• What to work on:
The answer is to consist only of an exact retyping of the lines from the one containing "Some of the words" to the end of the entries, without pictures.

• Data extract:
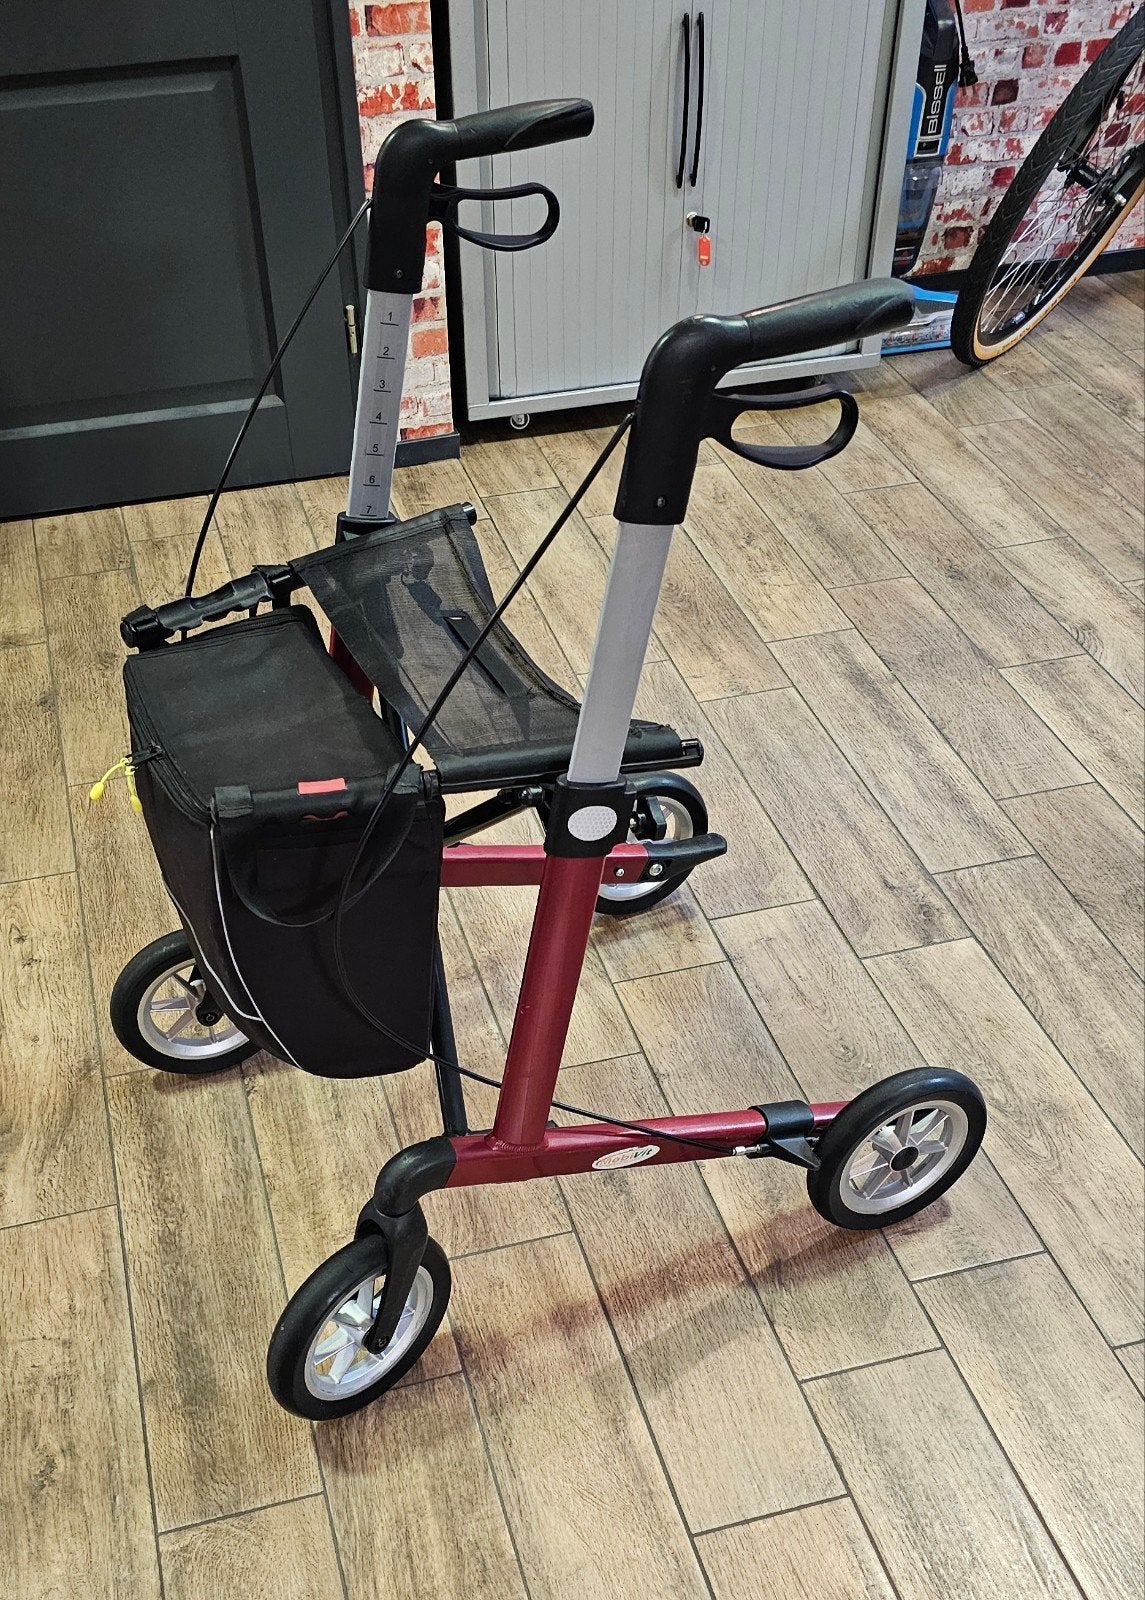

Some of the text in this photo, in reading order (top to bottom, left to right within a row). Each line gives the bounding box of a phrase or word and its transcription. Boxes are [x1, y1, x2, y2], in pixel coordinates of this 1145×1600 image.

[383, 347, 390, 356] 2
[378, 380, 386, 389] 3
[375, 412, 382, 421] 4
[372, 444, 379, 453] 5
[369, 475, 376, 484] 6
[365, 506, 372, 514] 7
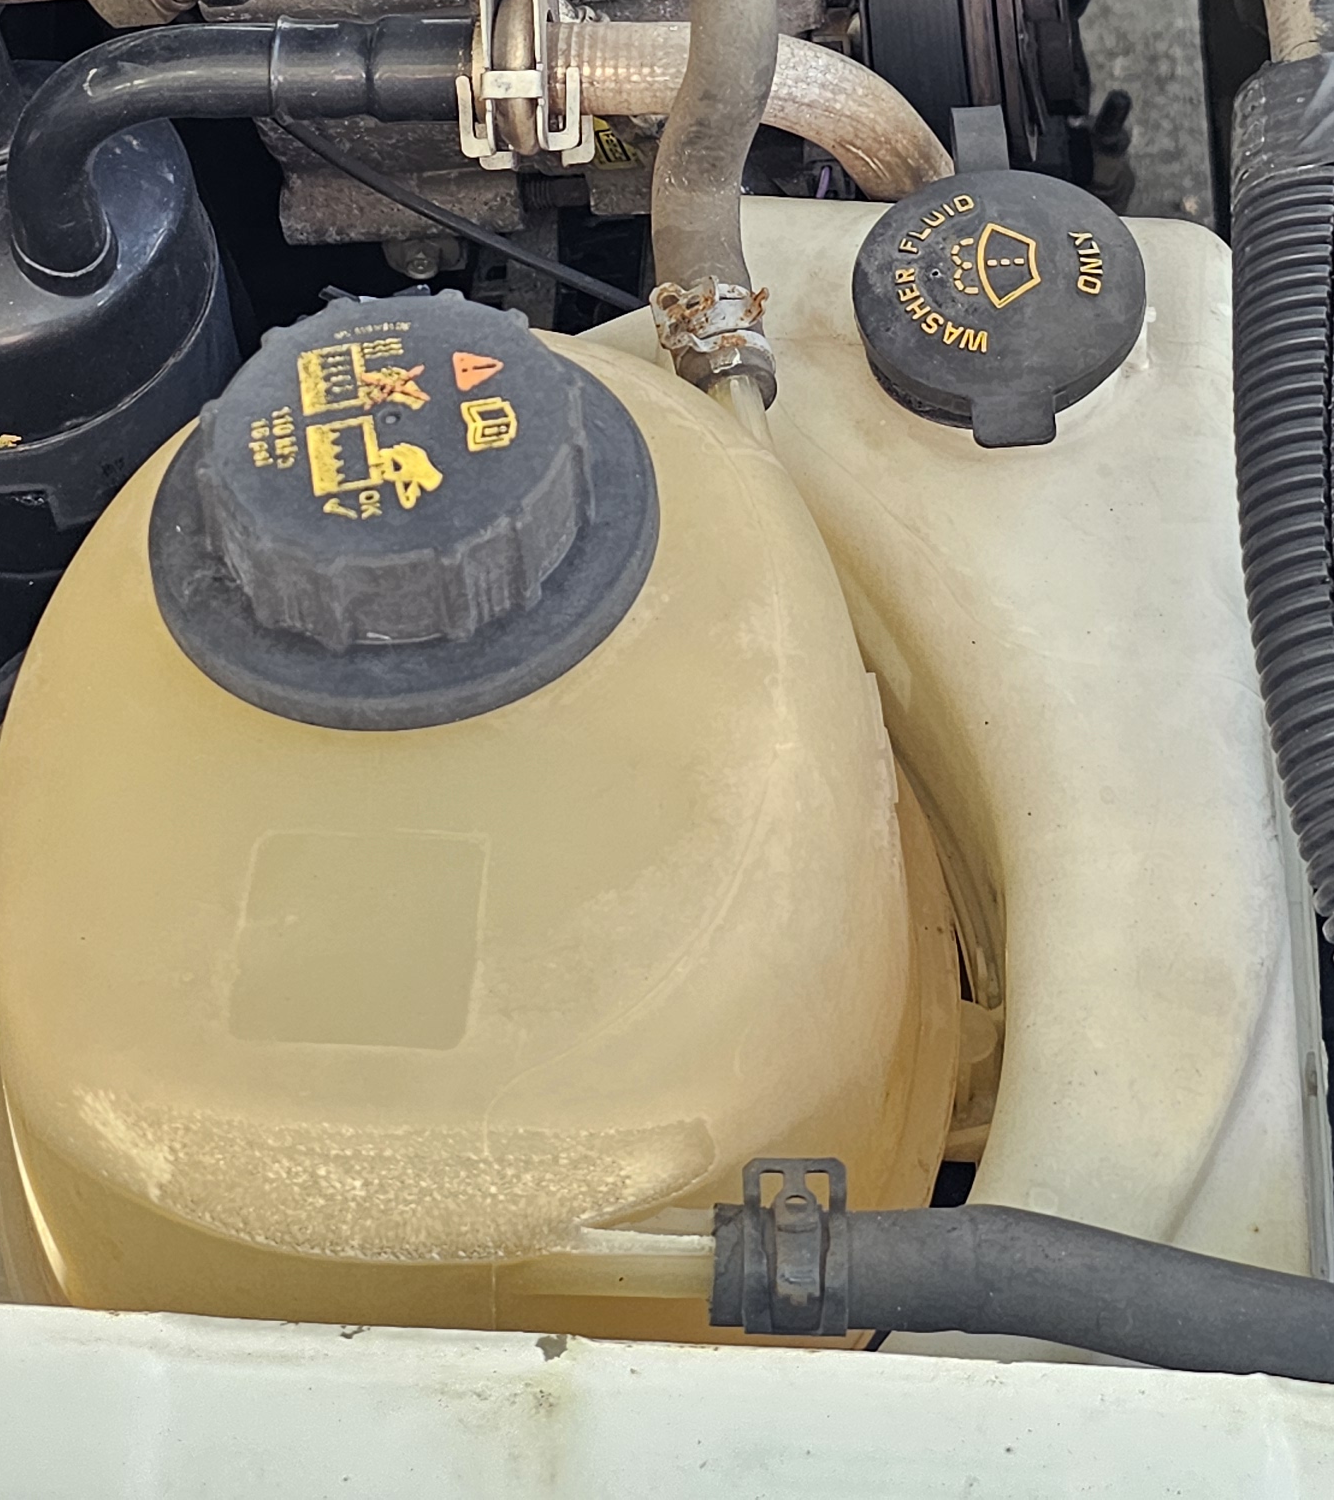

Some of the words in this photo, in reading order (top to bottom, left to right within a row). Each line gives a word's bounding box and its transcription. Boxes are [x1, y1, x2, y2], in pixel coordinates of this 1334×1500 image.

[898, 193, 975, 253] FLUID
[1067, 230, 1103, 295] ONLY
[894, 267, 988, 353] WASHER
[358, 490, 382, 519] OK
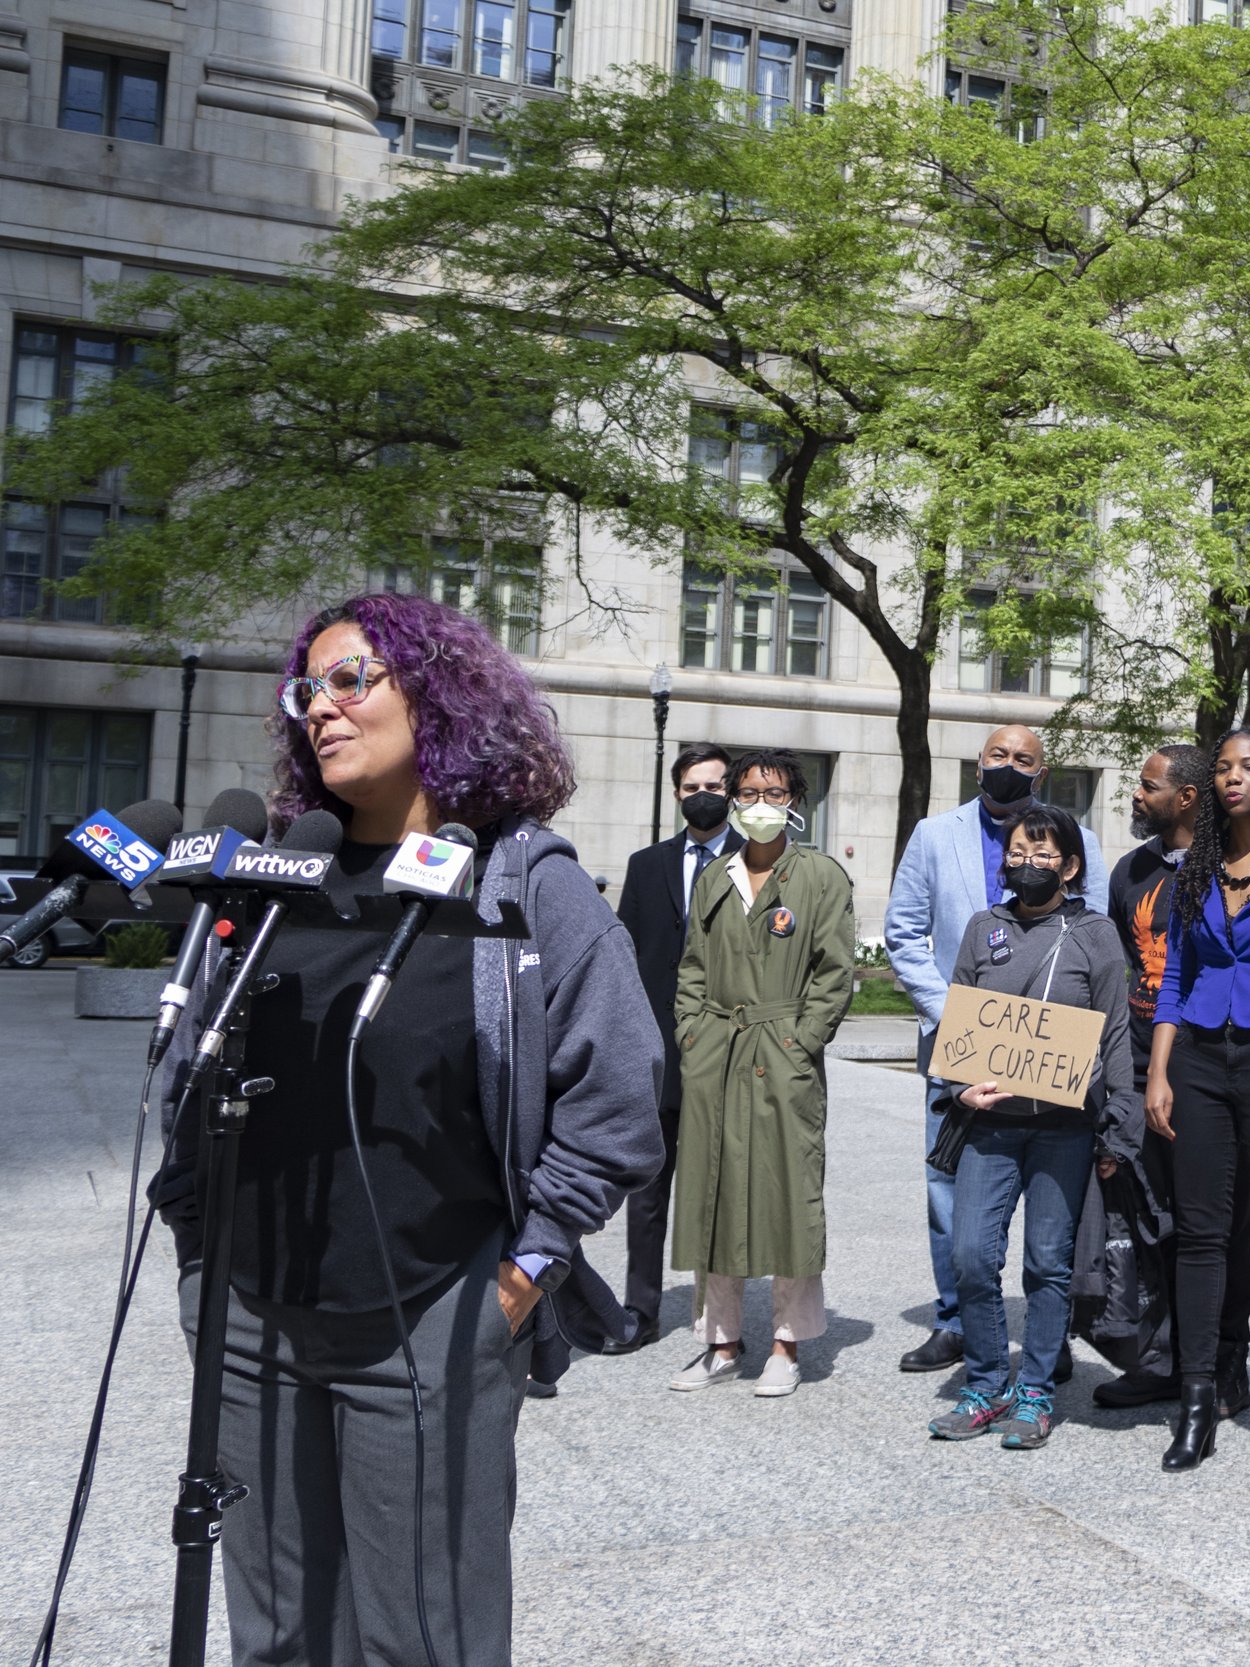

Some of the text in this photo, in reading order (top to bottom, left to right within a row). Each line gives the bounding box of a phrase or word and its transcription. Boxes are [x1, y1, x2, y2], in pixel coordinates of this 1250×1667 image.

[76, 833, 159, 881] NEWS 5
[170, 833, 221, 860] WGN
[235, 853, 302, 876] wttw
[397, 864, 447, 882] NOTICIAS
[978, 999, 1052, 1040] CARE
[943, 1028, 975, 1061] not
[988, 1044, 1091, 1095] CURFEW

• Reply to the task:
Some of the words in this photo, in reading order (top to bottom, left to right within a row). Each line gives a word's bounding box and its transcription. Boxes are [x1, y1, x2, y2], in pixel coordinates of this 1334×1500 image.

[898, 193, 975, 253] FLUID
[1067, 230, 1103, 295] ONLY
[894, 267, 988, 353] WASHER
[358, 490, 382, 519] OK

Some of the text in this photo, in reading order (top to bottom, left to right within a row). Each line gives the bounding box of a phrase or word and its transcription. Boxes are [x1, y1, x2, y2], in pixel coordinates of this 1250×1667 image.

[76, 833, 159, 881] NEWS 5
[170, 833, 221, 860] WGN
[235, 853, 302, 876] wttw
[397, 864, 447, 882] NOTICIAS
[978, 999, 1052, 1040] CARE
[943, 1028, 975, 1061] not
[988, 1044, 1091, 1095] CURFEW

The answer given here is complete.